Reproduce every line of the material below, but drop the pictures.

══ EXTRACTED ENTRIES

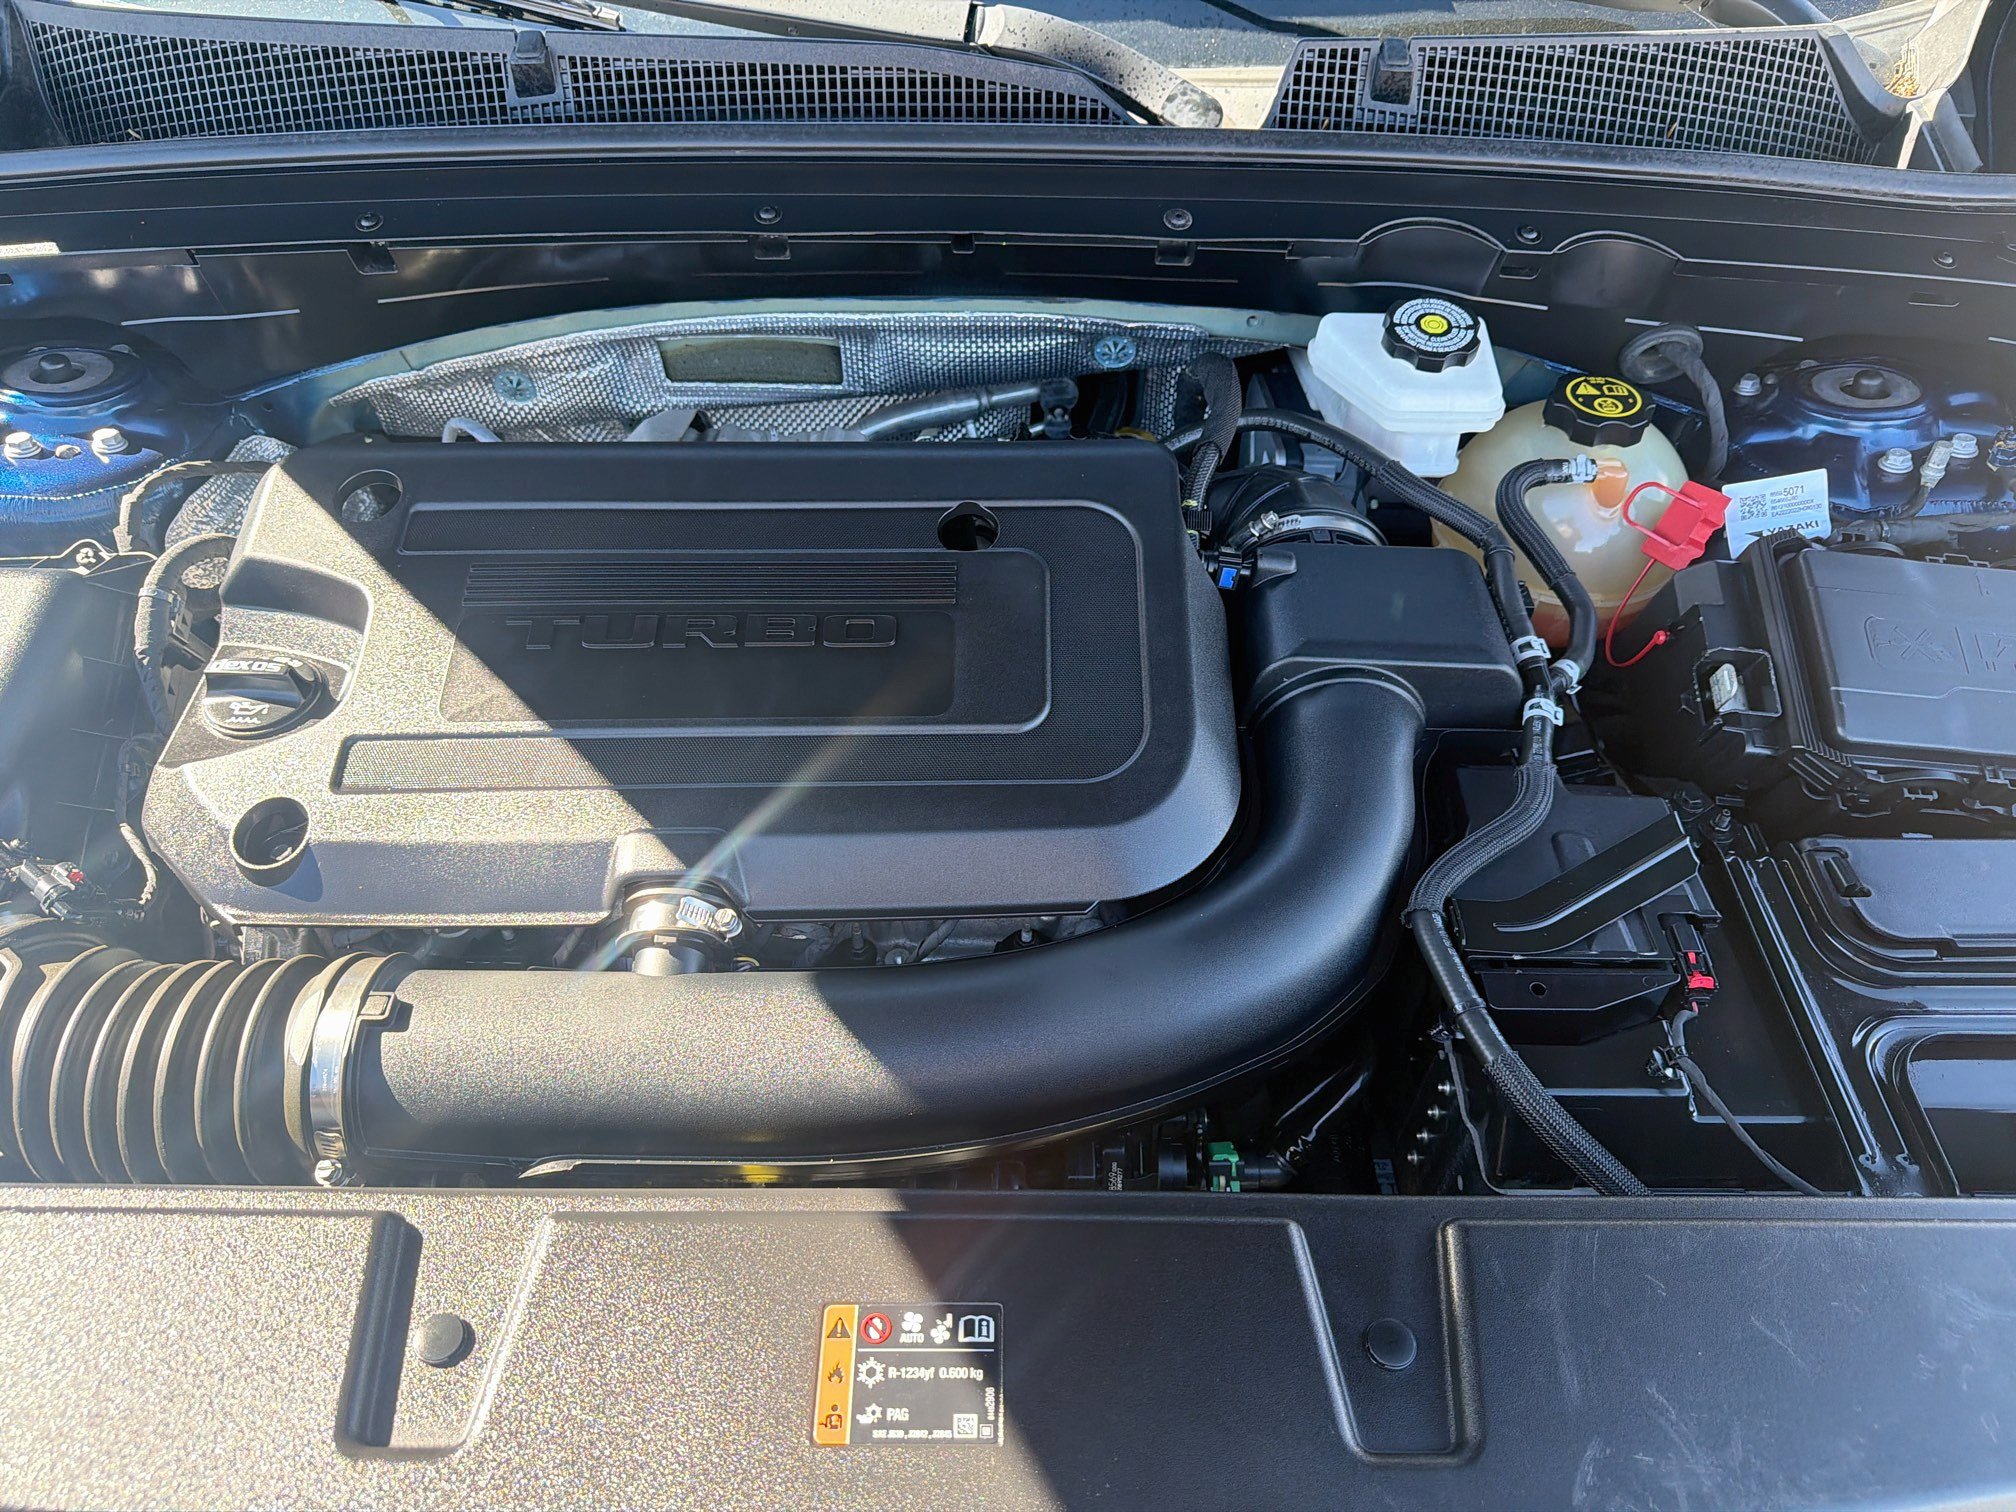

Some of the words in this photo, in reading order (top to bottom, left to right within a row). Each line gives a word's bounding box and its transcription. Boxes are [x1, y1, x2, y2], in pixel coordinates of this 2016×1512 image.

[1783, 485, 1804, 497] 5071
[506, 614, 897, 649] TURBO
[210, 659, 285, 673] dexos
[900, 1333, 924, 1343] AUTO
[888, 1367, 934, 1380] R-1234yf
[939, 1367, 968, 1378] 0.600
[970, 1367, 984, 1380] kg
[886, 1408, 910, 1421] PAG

════

▸ WORKED SOLUTION
Some of the words in this photo, in reading order (top to bottom, left to right within a row). Each line gives a word's bounding box and its transcription. Boxes are [x1, y1, x2, y2], in pixel coordinates of this 2016×1512 image.

[1783, 485, 1804, 497] 5071
[506, 614, 897, 649] TURBO
[210, 659, 285, 673] dexos
[900, 1333, 924, 1343] AUTO
[888, 1367, 934, 1380] R-1234yf
[939, 1367, 968, 1378] 0.600
[970, 1367, 984, 1380] kg
[886, 1408, 910, 1421] PAG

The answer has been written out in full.